A highly visible current premise is that atmospheric carbon dioxide is increasing and that this accumulation leads to changes in climate conditions such as average temperature. A further presumption is that increased atmospheric carbon dioxide results from human activity, such as combustion of fossil fuels. I won’t attempt to weigh in on the appropriate level of confidence to assign to this line of reasoning, only to comment on what we may have learned about management of grasslands in relation carbon cycling. If elevated carbon dioxide is the result of man’s activities, perhaps alternative activities hold the promise of reducing those levels.

Remembering that climate change is certain, regardless of whether we can predict the direction or magnitude of the change and whether we can assign cause and effect, it will be beneficial to care for our resources as well as we can.

So, what do we know about grassland management and atmospheric carbon levels? Carbon dioxide is an essential ingredient in the cycle of plant life. Fixation of carbon dioxide through photosynthesis is required to accumulate the energy needed for plant processes and the accumulation of plant tissue. Photosynthesis removes atmospheric carbon dioxide and deposits it in living plants. One pathway for that carbon is to be oxidized, through respiration by the plant or animals that consume plants or by the processes of decomposition. This returns carbon to the atmosphere as carbon dioxide resulting in little net change.

An alternative pathway in grasslands is for plant material to mature and breakdown as part of the litter or thatch layer that accumulates on the soil surface. This litter may be further reduced contributing to the accumulation of soil organic matter, which contains a substantial carbon component. Dying roots also contribute to the soil organic matter fraction.
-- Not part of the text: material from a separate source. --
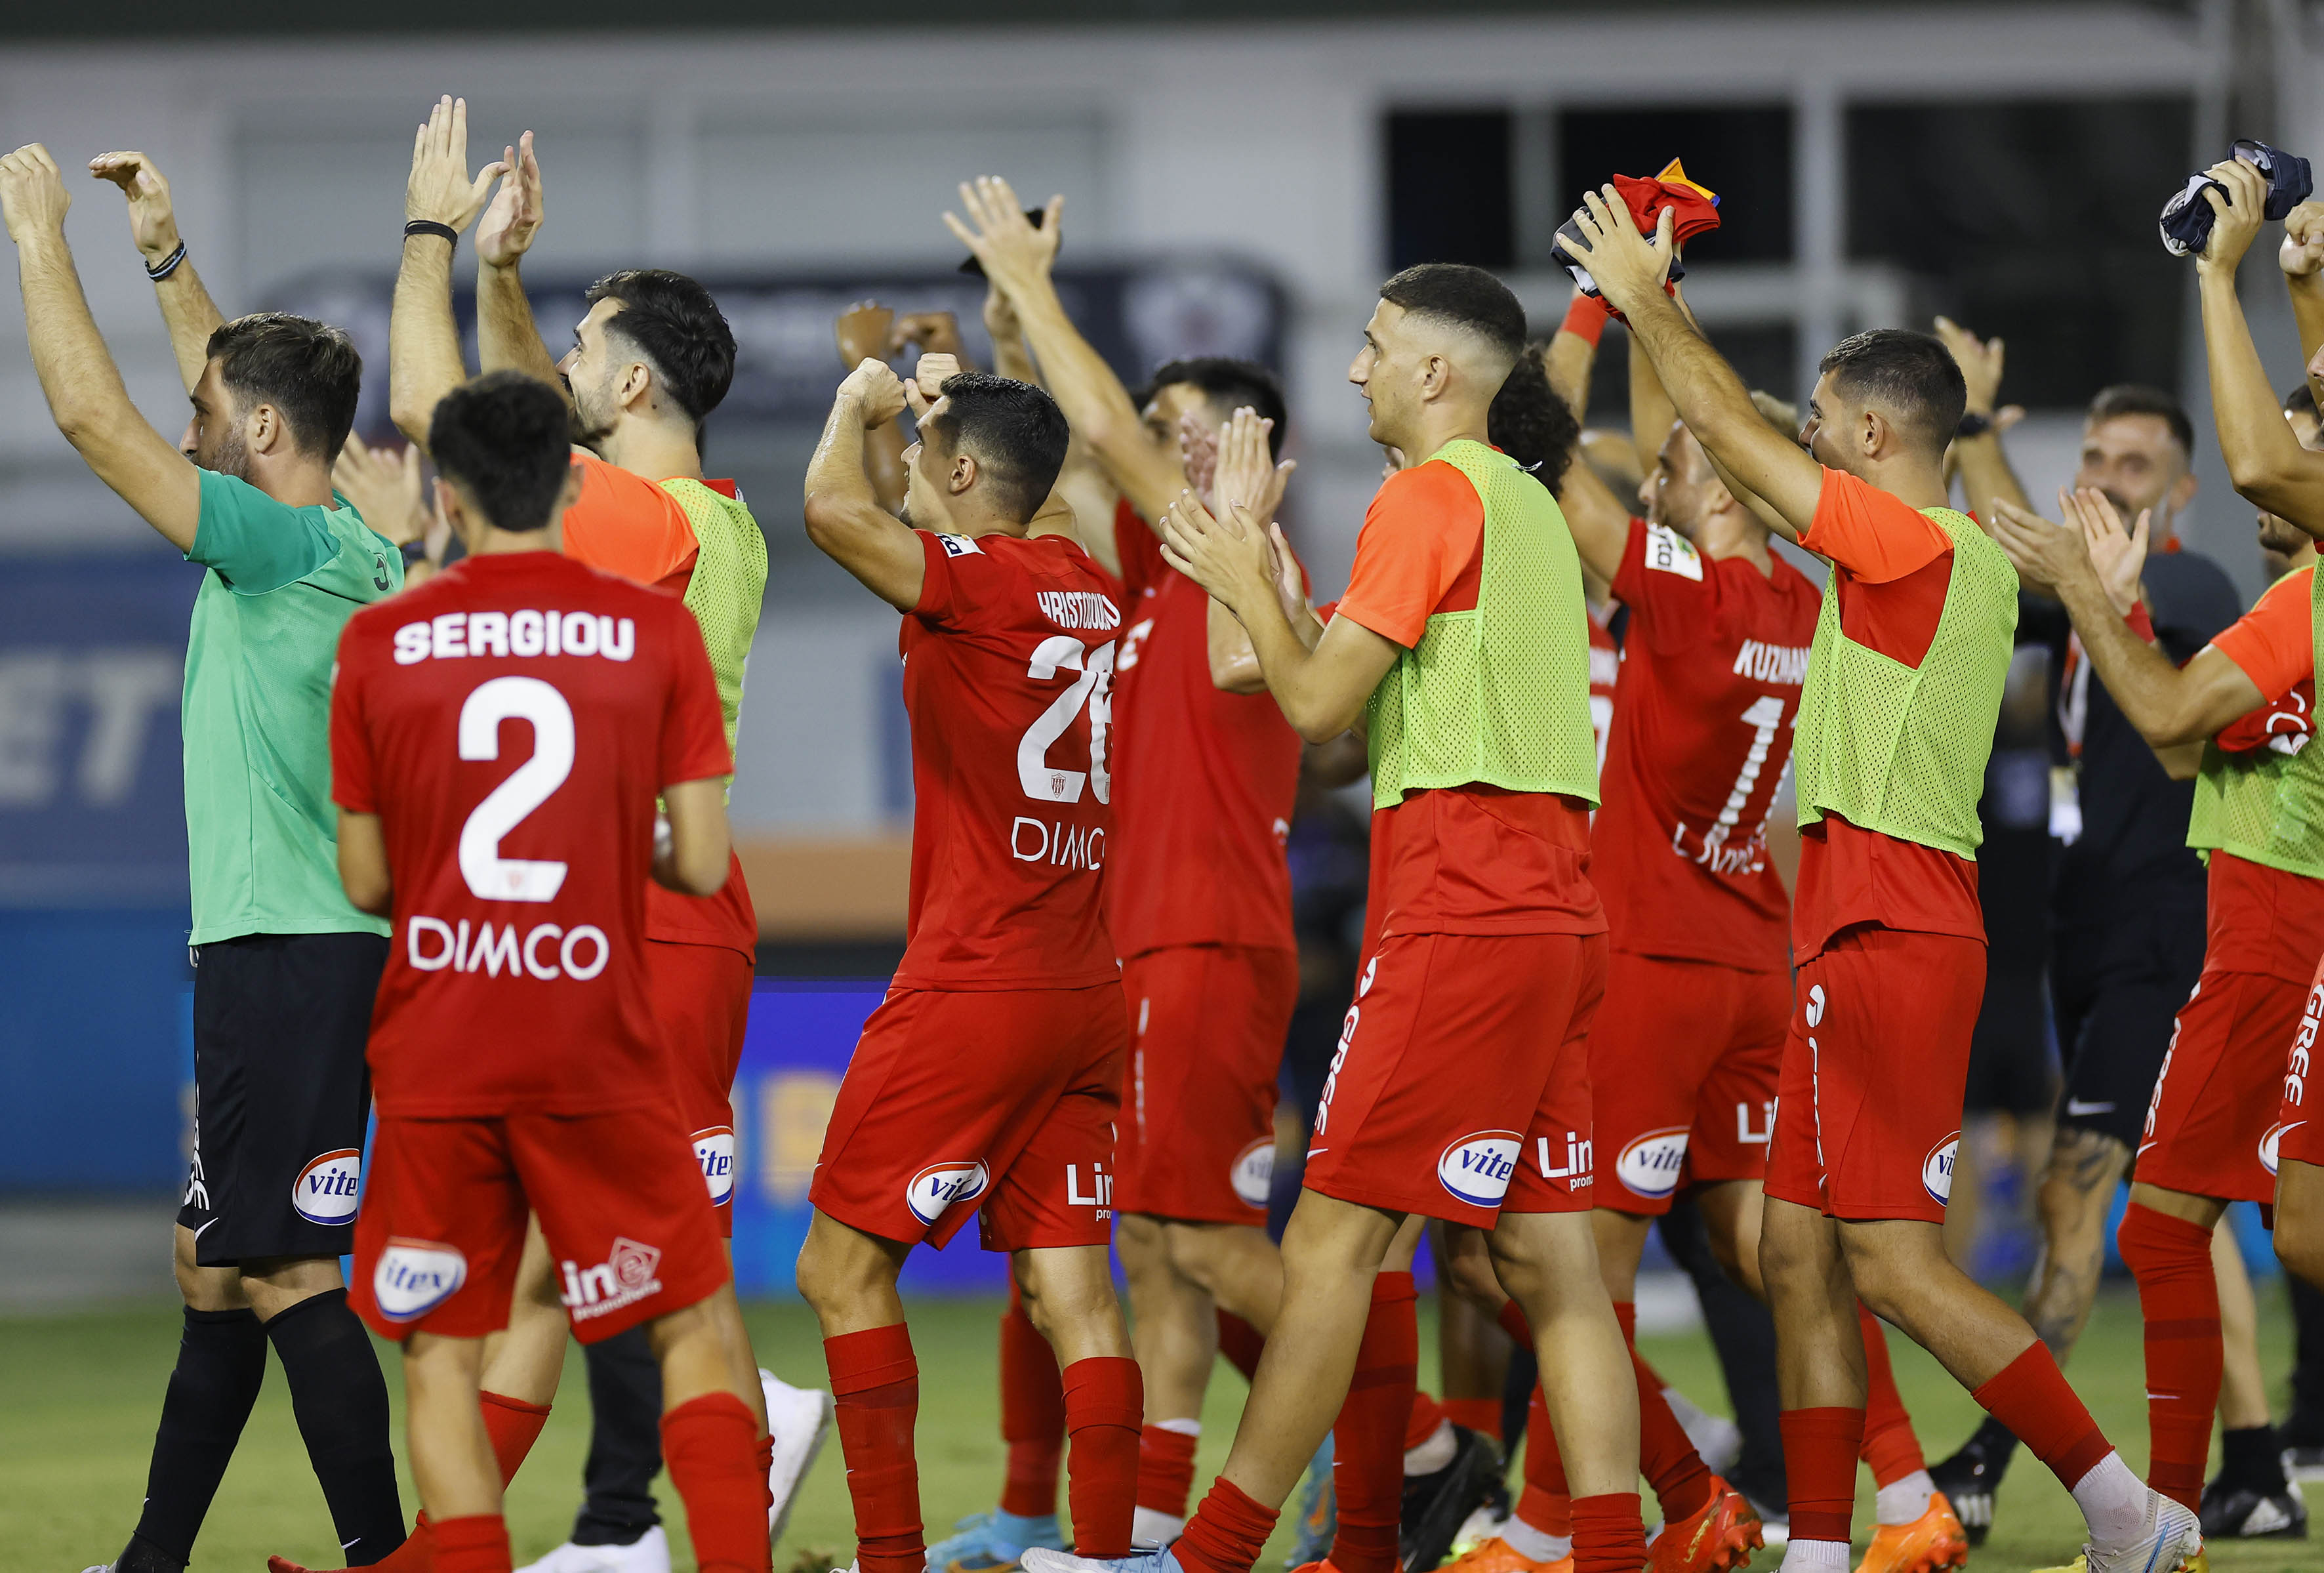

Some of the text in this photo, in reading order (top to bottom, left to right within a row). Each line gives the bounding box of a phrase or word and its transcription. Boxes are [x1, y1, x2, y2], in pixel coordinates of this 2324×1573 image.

Soil carbon is less labile than above ground plant material and may be termed “sequestered,” a more-or-less permanent removal of carbon from the atmosphere. One alternative procedure then, that might “remove” carbon from the atmosphere, would be grassland management that would result in increased soil carbon. Benefits to plant production from increased soil organic matter are well documented, so such management should also improve grassland production.

One of our grad students examined some grazing studies in the northern plains for a recent seminar. These included studies in the fescue grasslands of Canada and from the ARS lab at Mandan, ND.

One surprising conclusion was that a vegetation community dominated by shallow-rooted grasses led to higher levels of soil carbon. In the North Dakota study, which was initiated in 1916, three treatments were compared: no grazing; moderate grazing; and heavy grazing. Over time, no grazing shifted vegetation from native cool-season mid-grasses to a Kentucky bluegrass-dominated community. Compared to moderate grazing, heavy grazing shifted vegetation to a community dominated by warm-season shortgrasses. Soil carbon accumulation was lower in the moderately-grazed mid-grass community that either of the alternatives.

Current proposals for management incentives for grassland management (carbon credits) are based on the presumption that management which moves vegetation toward greater diversity and productivity results in greater carbon sequestration. Research support for this conclusion is not unequivocal. Further, the testimonial evidence of practitioners of contemporary intensive management approaches such as mob grazing are that procedures are available to improve soil organic matter dramatically and rapidly.

The societal benefits of improved grassland habitat and/or increased soil carbon are not inconsequential. One way to achieve this end is to provide incentives to those who manage the grasslands. Relationships between grassland management alternatives and soil carbon levels remains to be clearly quantified.

Remember to fulfill your duty and privilege as a citizen this election day and cast your vote.